Las Guardias de los Campamentos
¡Hola! He tenido la suerte de ir a muchos campamentos organizados por la ADG, empecé como campista y también como monitor. Hay muchas diferencias estando a un lado y al otro, pero creo que los puntos en común son más aún, el aprendizaje, los buenos ratos y los de estrés… Hoy, os quiero hablar de uno de los momentos que más anécdotas generan, ¡las guardias!
Llevo ya algunos años sin asistir a campamentos y algunas cosas han cambiado, especialmente aquellas relacionadas con la tecnología, que facilitan el trabajo. En mis últimos veranos como monitor, eran pocos -pero cada vez más- los campistas que llevaban bomba de insulina, la mayoría utilizaba pluma, ahora es mucho más común, y ya no hablemos de los sensores, los cuales hace nada eran difíciles de ver. Aún así, seguro que las guardias siguen dando que hablar.

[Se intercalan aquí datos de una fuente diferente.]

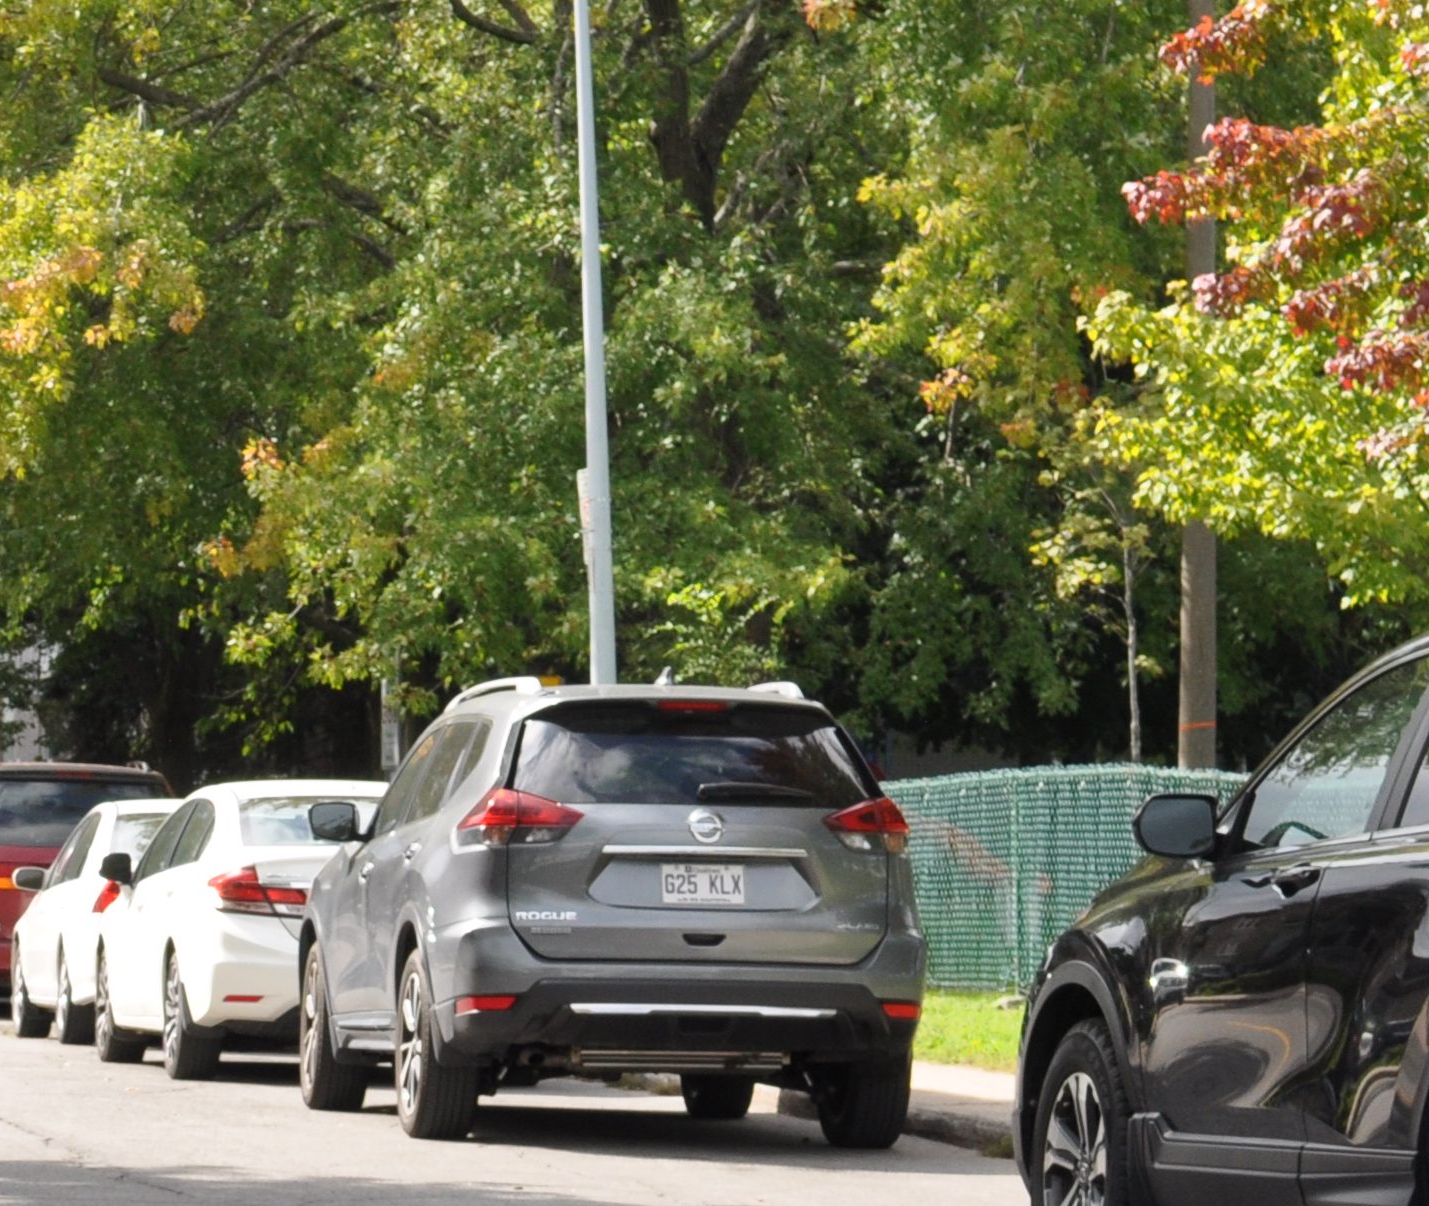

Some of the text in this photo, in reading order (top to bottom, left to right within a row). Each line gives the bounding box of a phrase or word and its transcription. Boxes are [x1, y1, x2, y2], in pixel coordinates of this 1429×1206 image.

[664, 873, 742, 895] G25 KLX
[515, 911, 578, 921] ROGUE
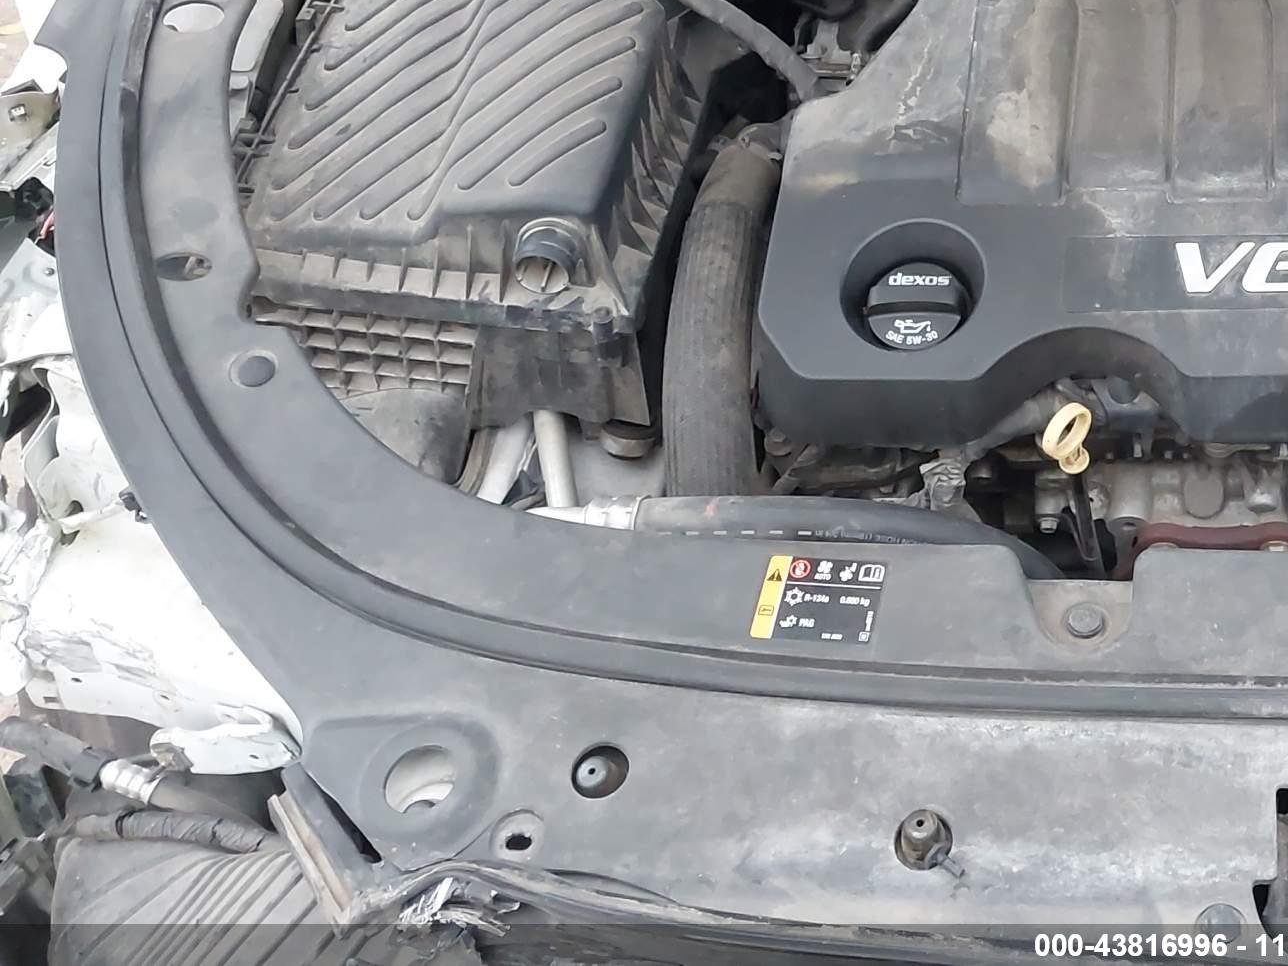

Como sabéis, en los campamentos se hacen controles a las 3 y a las 6 h, para asegurar que todo transcurre sin problemas, algo importante ya que la actividad física es muy alta. Durante el día, cada monitor tiene asignado un grupo de campistas, pero durante las noches, solo dos monitores y una persona del personal médico se encarga de hacer el control a todos, el resto se queda descansando, porque el siguiente día siempre viene cargado. ¡Imaginad el trabajo que supone hacer controles cabaña por cabaña a oscuras y en silencio! Aunque la verdad es que en seguida te coordinas con tus compañeros noctámbulos y todo fluye. Pero la cosa siempre puede complicarse y se complica, cuando hay alguna hipoglucemia hay que resolverla: zumo, leche, galletas, repetir el control… En una noche que se dé mal, puedes estar más de una hora para acabar la ronda, pero no pasa nada, porque al día siguiente lo recuerdas con una sonrisa porque todo salió bien, pero en el momento te tiras de los pelos.
Es muy duro cuando, después de un día agotador, tras varios días de campamento, suena el despertador y hay que ponerse manos a la obra, pero también es reconfortante acabar la revisión y que todo haya ido bien. Toca dormir un rato, ¡pero en menos de dos horas suena el despertador para el turno de las 6 h!